No way I'm going to get that heat on my cooker.  I could on the 3 ring propane camp burner (maybe).

https://www.youtube.com/watch?v=tAd5dM0u7Ss&t=406s

Yes livo that's the real deal from Shebabs in the balti triangle where balti was first concocted. I have to say I've never seen that much flame before though. You probably can reproduce it if you use a substantially smaller pan on the highest flame you have and probably a much smaller curry portion. I've had flame like that, although not sustained, in a normal frying pan on a normal hob so it must be achievable at home. But most hobs at home have an extractor not far above them so I'm not sure it'd be a good idea safety wise. Your camping burner in the open should easily be able to do it I would think.
#156
Balti Dishes / Re: BIR-flavoured baltis
July 06, 2022, 07:37 PM
Quote from: Bob-A-Job on July 06, 2022, 04:48 PMI was told 'Dopiaza' was loosely translated as 'Double Onions'... "Dupiaza" / "strong flavour of onions"... same dish or just a spelling mistake?
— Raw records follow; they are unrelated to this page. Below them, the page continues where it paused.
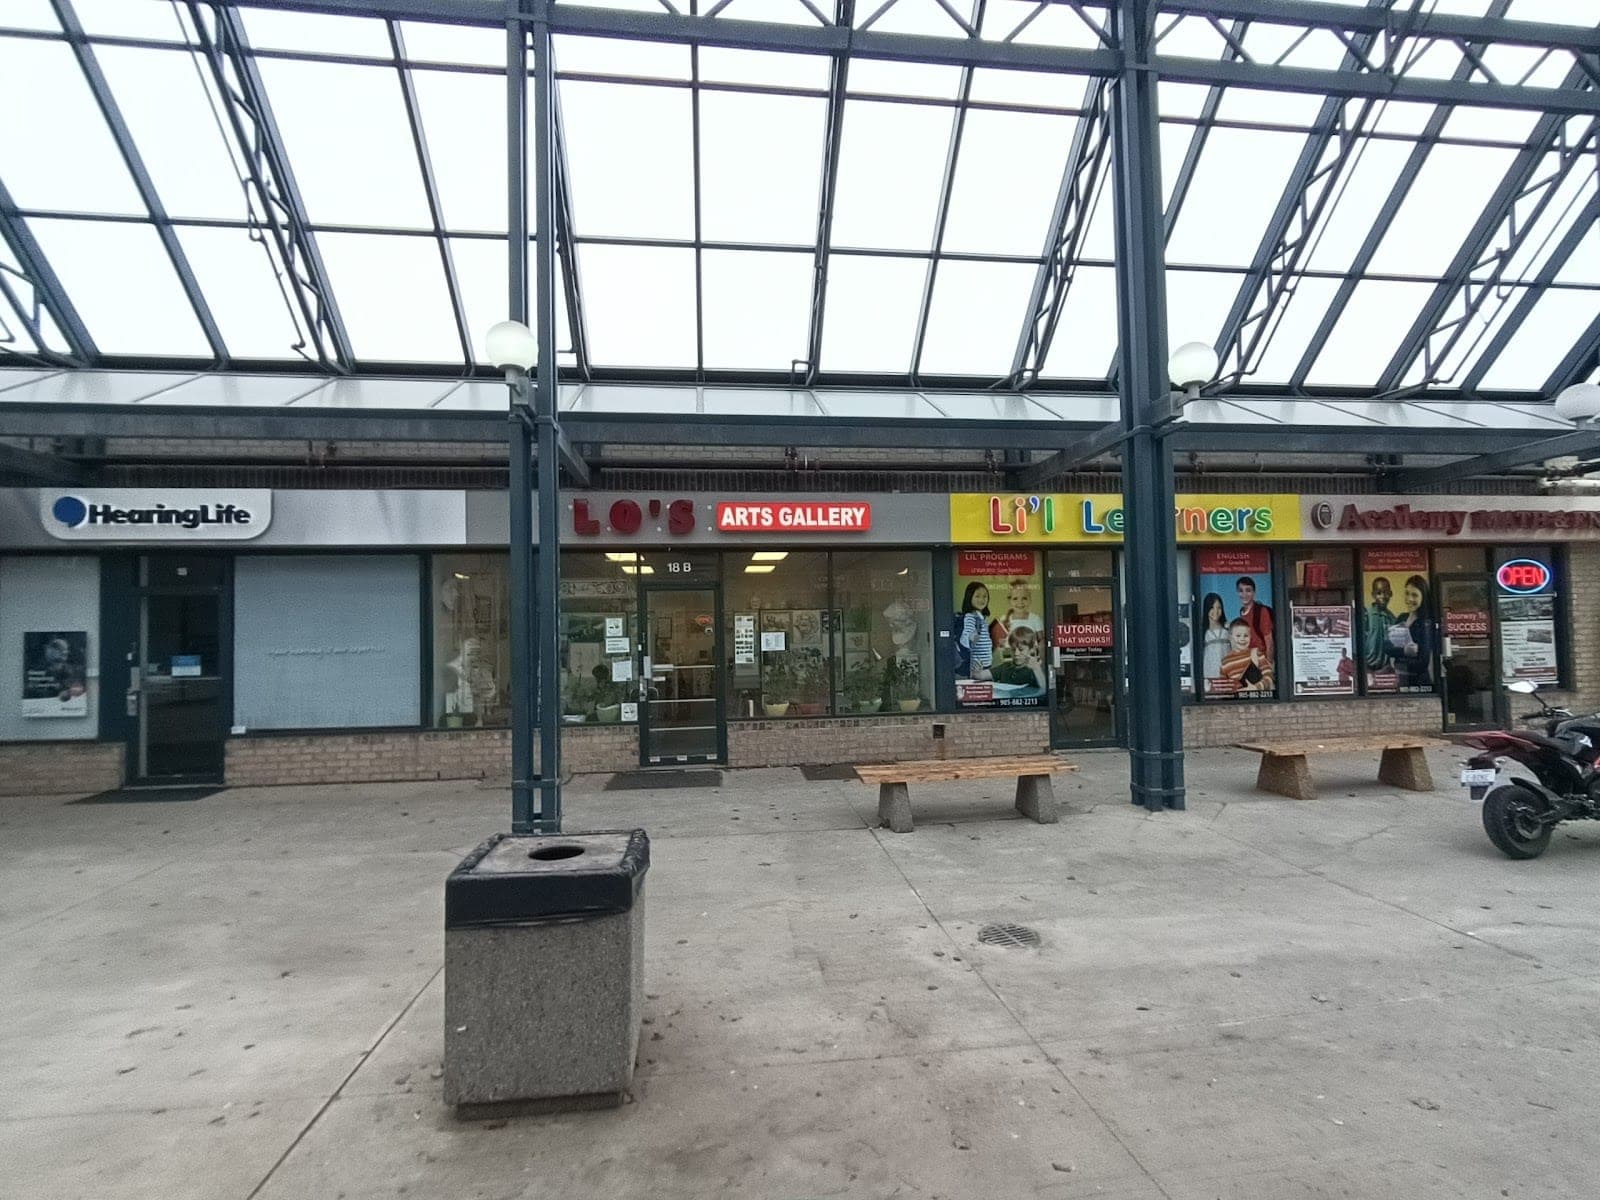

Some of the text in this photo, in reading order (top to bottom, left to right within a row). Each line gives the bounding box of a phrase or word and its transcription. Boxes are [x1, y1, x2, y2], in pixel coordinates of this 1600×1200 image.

[88, 504, 250, 528] HearingLife
[573, 498, 696, 535] LO'S
[721, 506, 867, 527] ARTS GALLERY
[1082, 499, 1274, 533] Leners
[1338, 503, 1469, 536] Academy
[667, 562, 692, 573] 18 B
[1500, 566, 1544, 586] OPEN
[1057, 624, 1111, 634] TUTORING
[1447, 622, 1487, 632] SUCCESS
[1079, 636, 1111, 644] WORKS!!
That's nothing. Have a look around t'internet at the various spellings of jalfrezi. It's got to be the most varied dish in terms of transliteration. Oh and dopiaza, as far as I know, means  two (do) onion (piaza). The real conundrum is what exactly the "two" refers to. Is it literally two onions? Or is it double the onions, as in twice the amount of a normal curry. Or is it two types of onion? Or is it onions cooked in two different ways? No-one really knows.
#157
livo, the government you lot just kicked out of office did everything in its power to deny anthropogenic climate change in its butt-licking adulation of industrial conglomerates. What goes around comes around  :wink:
#158
Balti Dishes / Re: BIR-flavoured baltis
July 06, 2022, 02:20 PM
Well according to the info in the other thread the main difference appears to be in the base sauce which is high in aromatics, particularly cassia. Now that's all well and good if you make the curry with just the base, so the reduced base is the curry sauce, but the minute you add other spices it basically becomes a normal BIR curry. So, on the assumption that all proper (Birmingham) balti curries are distinguishable from a standard BIR curry, and I've no idea whether that assumption is valid or not, I like you am at a loss to understand how that is achieved.
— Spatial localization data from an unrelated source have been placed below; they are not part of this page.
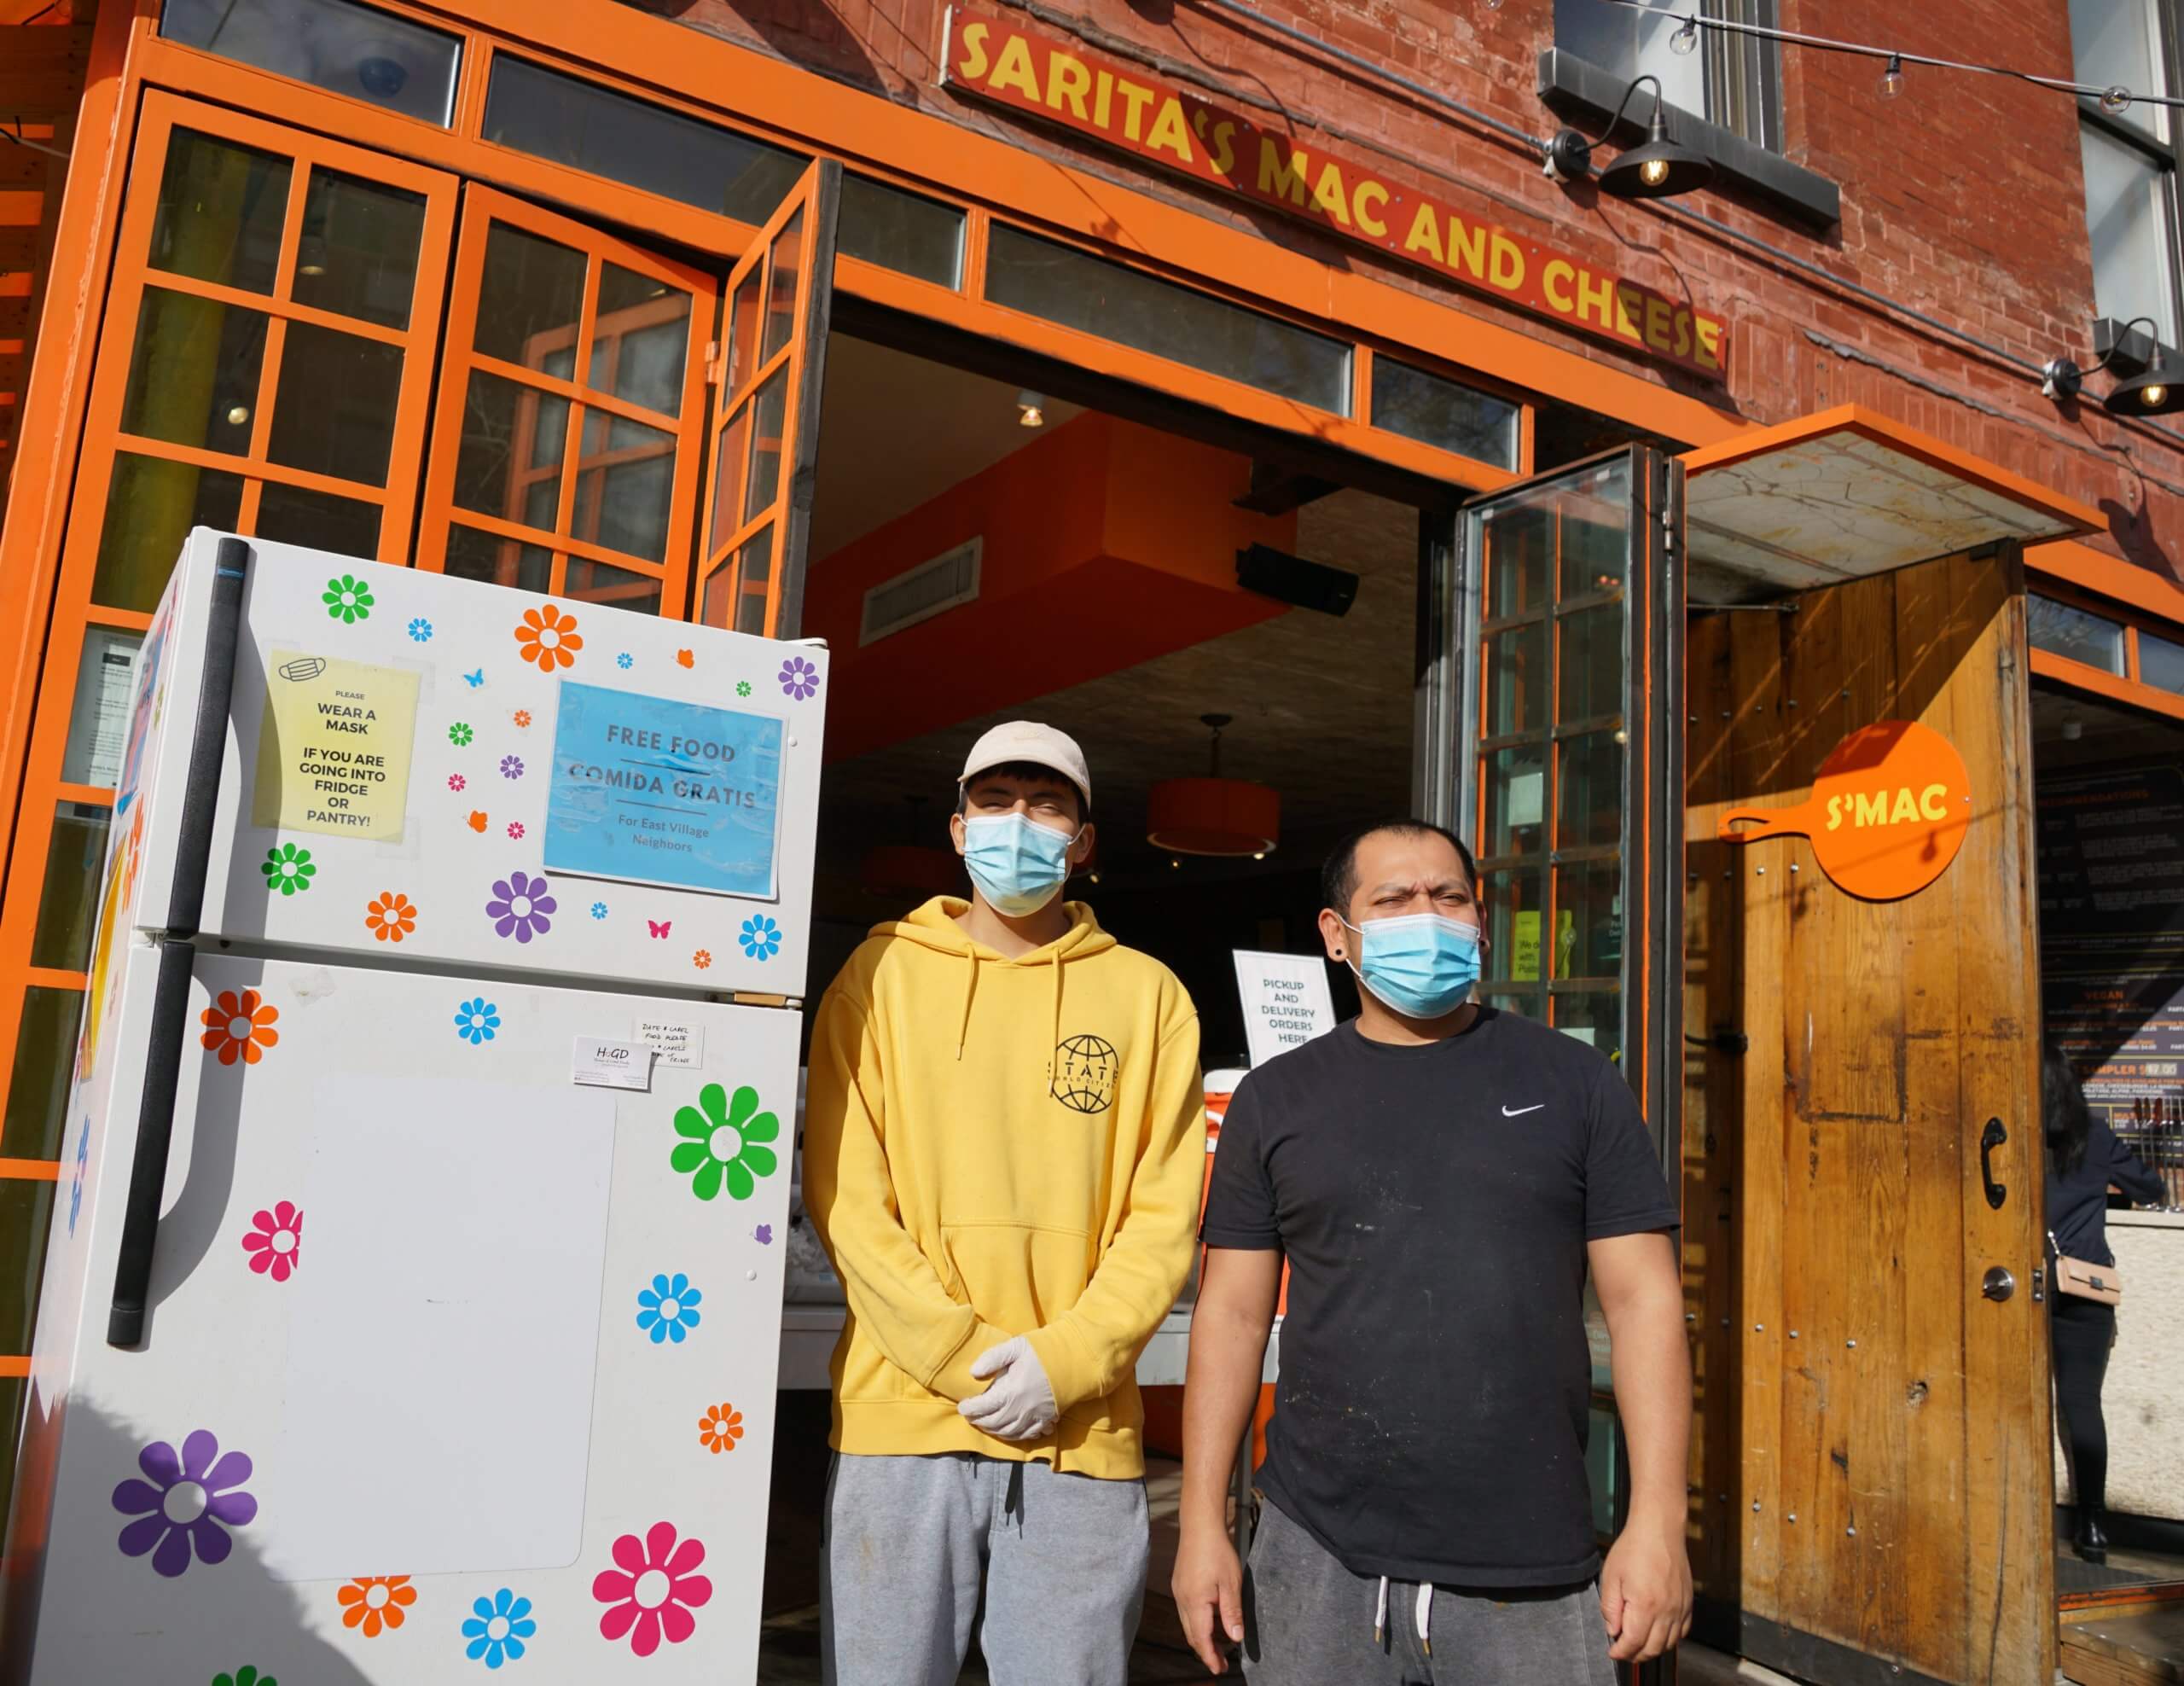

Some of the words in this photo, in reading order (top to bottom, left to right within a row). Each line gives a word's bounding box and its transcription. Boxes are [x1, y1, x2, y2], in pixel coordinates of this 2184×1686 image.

[959, 23, 1236, 175] SARITA'S
[1257, 137, 1390, 237] MAC
[1404, 203, 1525, 292] AND
[1542, 259, 1720, 369] CHEESE
[335, 690, 365, 701] PLEASE
[317, 702, 362, 719] WEAR
[365, 710, 376, 721] A
[326, 719, 369, 735] MASK
[607, 724, 662, 750] FREE
[671, 736, 736, 762] FOOD
[303, 747, 317, 759] IF
[321, 749, 351, 763] YOU
[354, 753, 385, 767] ARE
[299, 763, 348, 778] GOING
[351, 769, 386, 782] INTO
[314, 780, 369, 796] FRIDGE
[569, 764, 664, 794] COMIDA
[673, 780, 756, 809] GRATIS
[328, 797, 349, 809] OR
[1826, 783, 1948, 832] S'MAC
[307, 810, 371, 827] PANTRY!
[619, 815, 638, 827] For
[642, 818, 665, 831] East
[669, 822, 710, 838] Village
[632, 834, 693, 852] Neighbors
[1263, 979, 1304, 991] PICKUP
[1274, 993, 1299, 1003] AND
[1261, 1005, 1316, 1018] DELIVERY
[1269, 1019, 1313, 1032] ORDERS
At a guess maybe the balti mix powder that is used for balti curries is heavy on the garam masala to retain that USP of an aromatic curry. And of course it's cooked in a karahi and they claim it's the constant catching fire of the oil that lends an extra dimension to the dish. Anyway what most BIRs present as balti is anything but, being just a standard curry served in a karahi dish. I have bad memories of this as my last curry at a BIR was a "balti" and god was it bland. Or is that deliberate, is that what makes it a balti? It's annoying not to have had any experience of the real deal.
#159
Quote from: Peripatetic Phil on July 05, 2022, 02:07 PMPossibly worth trying a £9.99 Lidl coffee grinder — I've yet to find anything with which mine can't cope ...
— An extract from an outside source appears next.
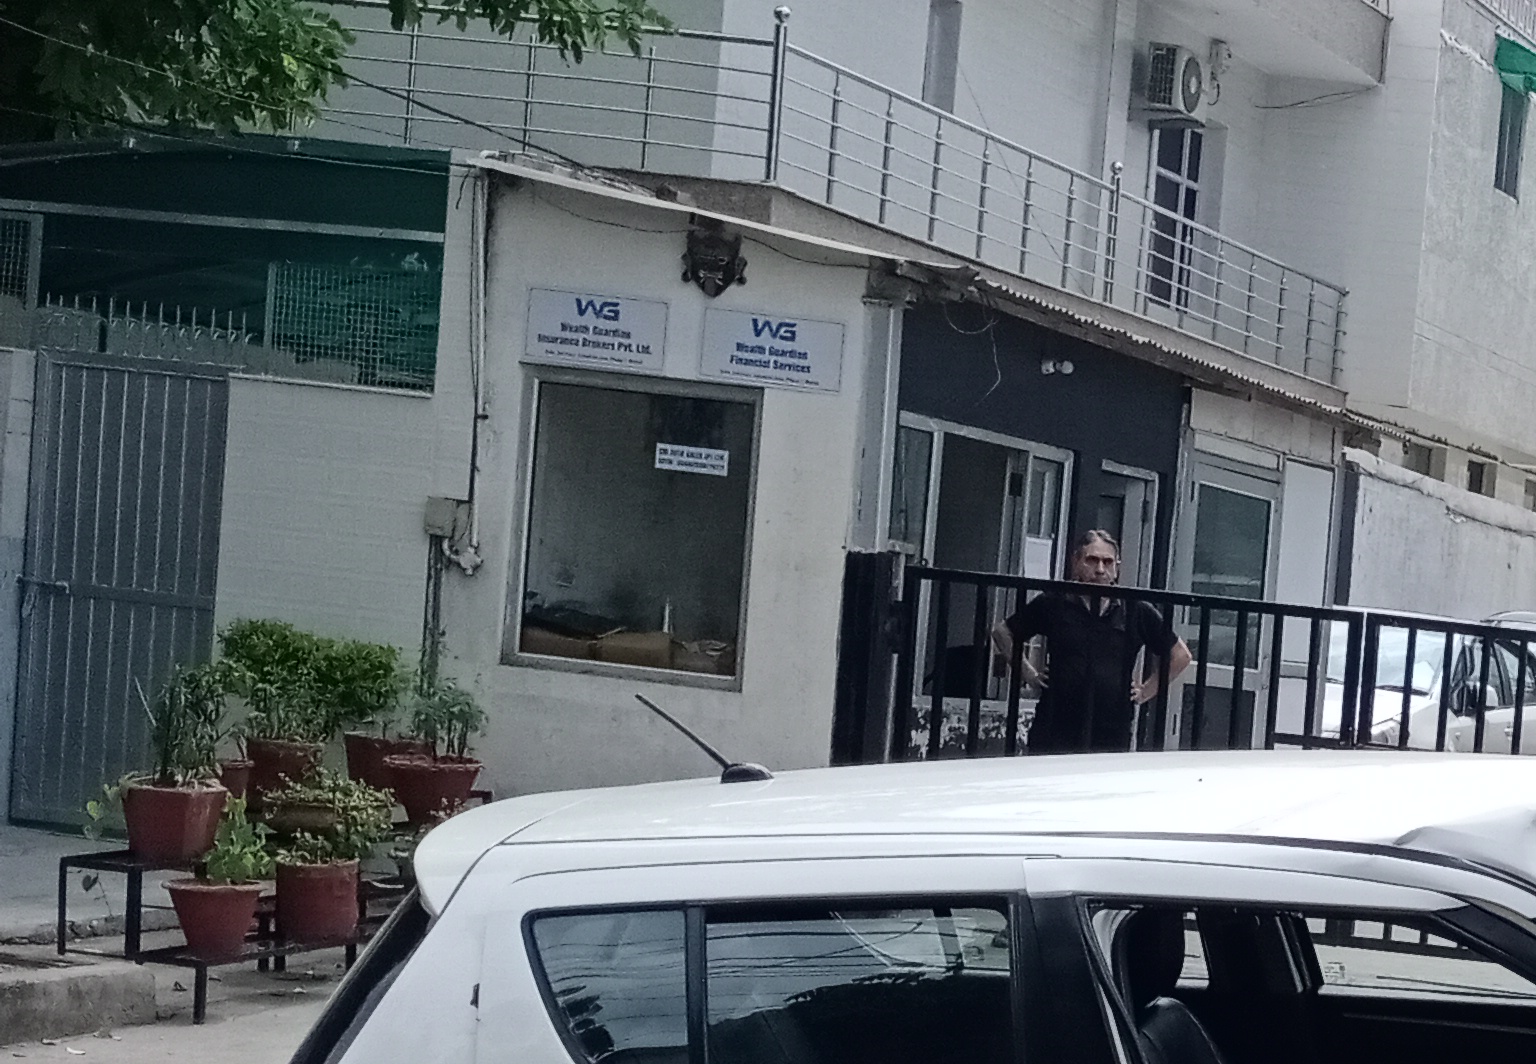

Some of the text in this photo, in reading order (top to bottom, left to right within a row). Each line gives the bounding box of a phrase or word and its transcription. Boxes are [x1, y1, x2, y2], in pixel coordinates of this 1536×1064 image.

[575, 297, 620, 321] WG
[752, 318, 797, 342] WG
[730, 354, 811, 374] Financial Services
I've got a £9 no-name "grinder" off eBay that has stood me in good stead for a few years. The problem is that it's actually a chopper because it's got blades. As good as that is for certain things it can never make a powder as fine as shop bought powders. For that it has to actually grind not cut. Is your Lidl version a grinder or a chopper?
#160
Quote from: livo on July 05, 2022, 12:54 PM
I didn't have a problem with 3 pots.

Well that's my engineering mindset going into optimisation mode. I wanted to do it per the instructions but as I was making it I could see that I could get away with a two pot method and as I thought a bit more I could envisage getting it all done in one pot. At that point the three pot method became a faff.